2.1兩組患兒臨床資料比較 膿毒癥組和膿毒性休克組比較,年齡、性別、WBC、Hb、PLT、ALB、PDW、CRP、PCT差異均無統計學意義(P>0.05)。膿毒性休克組Scr、MPV、Lac均高于膿毒癥組,PCSI評分低于膿毒癥組,差異均有統計學意義(P<0.05)。見表1。

表1 兩組患兒臨床資料比較[n/n或M(P25,P75)或n(%)]

續表1 兩組患兒臨床資料比較[n/n或M(P25,P75)或n(%)]

2.2患兒的膿毒癥進展為膿毒性休克的多因素Logistic回歸分析 以膿毒癥是否進展為膿毒性休克為因變量,將年齡、性別、WBC、Hb、PLT 、PCT、CRP、SCr、ALB、PDW、MPV、Lac、PCIS評分作為自變量,進行Logistic回歸分析,結果顯示:PLT、Scr、MPV、CRP、Lac是膿毒癥進展為膿毒性休克的獨立影響因素(P<0.05),見表2。
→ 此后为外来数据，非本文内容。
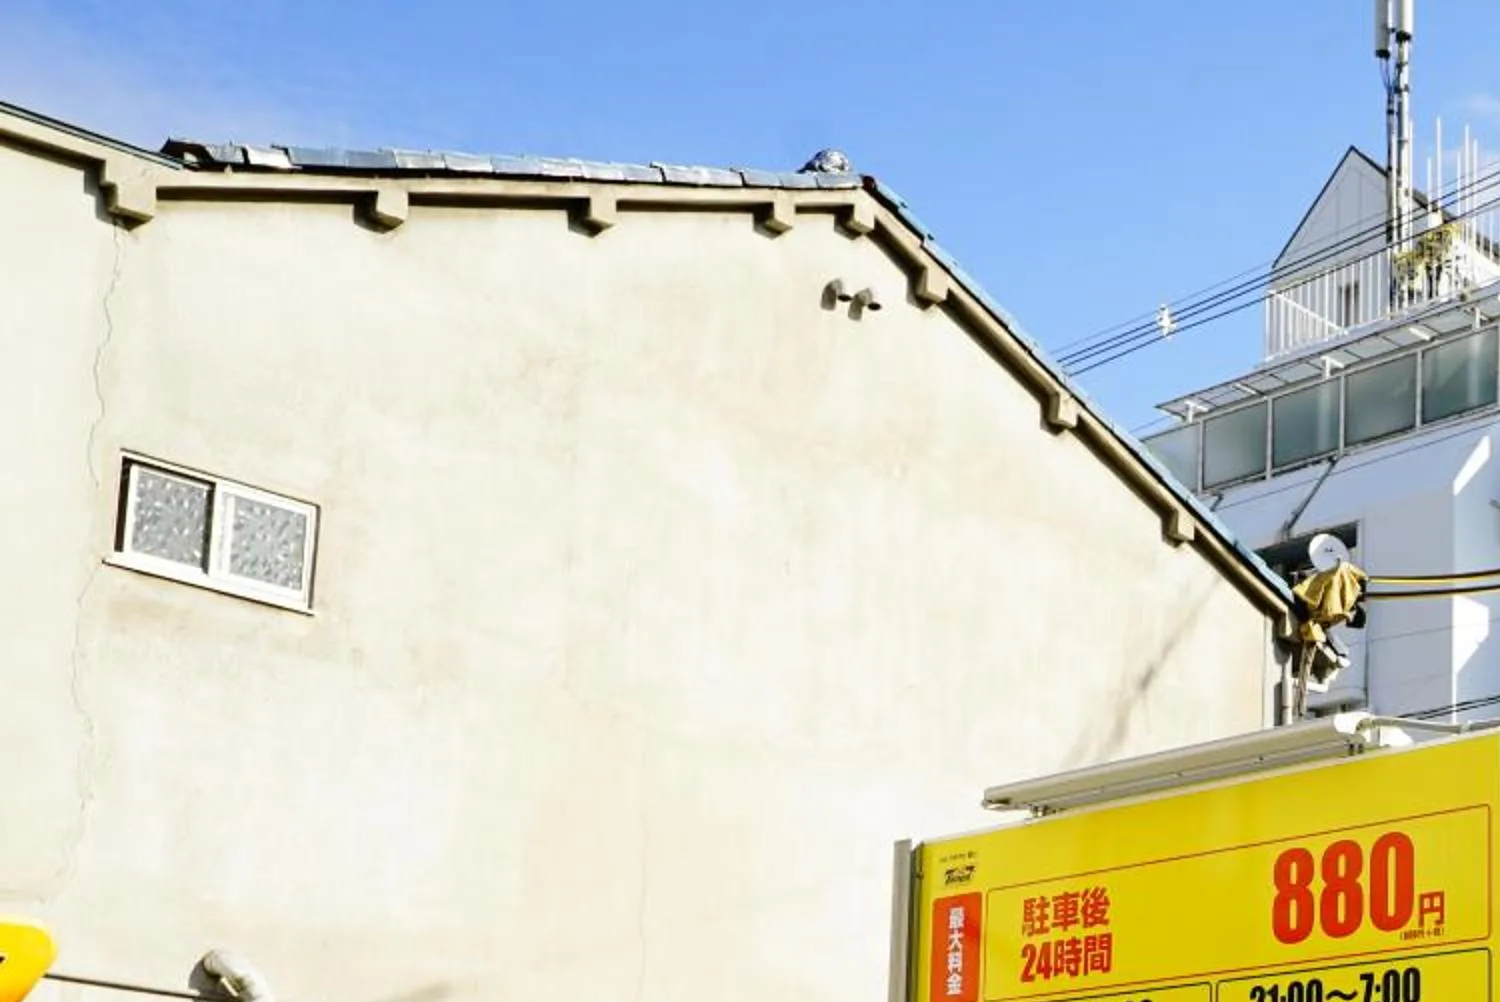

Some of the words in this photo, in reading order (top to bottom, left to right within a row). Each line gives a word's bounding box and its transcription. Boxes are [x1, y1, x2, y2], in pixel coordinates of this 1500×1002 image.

[1021, 886, 1110, 936] 駐車後
[1021, 932, 1113, 983] 24時間
表2 患兒膿毒癥進展為膿毒性休克的多因素Logistic回歸分析

2.3CRP、Lac、MPV、PLT、Scr對兒童膿毒性休克的預測效能 ROC曲線分析顯示,Lac預測兒童膿毒性休克的AUC為0.707(95%CI:0.624~0.781),截斷值為2.07 mmol/L,靈敏度為82.46%,特異度為57.83%;MPV預測兒童膿毒性休克的AUC為0.752(95%CI:0.672~0.821),截斷值為10.4 fL,靈敏度為73.68%,特異度為65.06%;Scr預測膿毒性休克患兒的AUC為0.649(95%CI:0.563~0.727),截斷值為37 μmol/L,靈敏度為70.18%,特異度為61.45%。MPV預測兒童膿毒性休克的AUC最大,為0.752,Lac次之,但后者靈敏度最高,Scr預測兒童膿毒性休克的效能較差。CRP和PLT不具有鑒別兒童膿毒癥和膿毒性休克的價值(P>0.05)。見表3、圖1。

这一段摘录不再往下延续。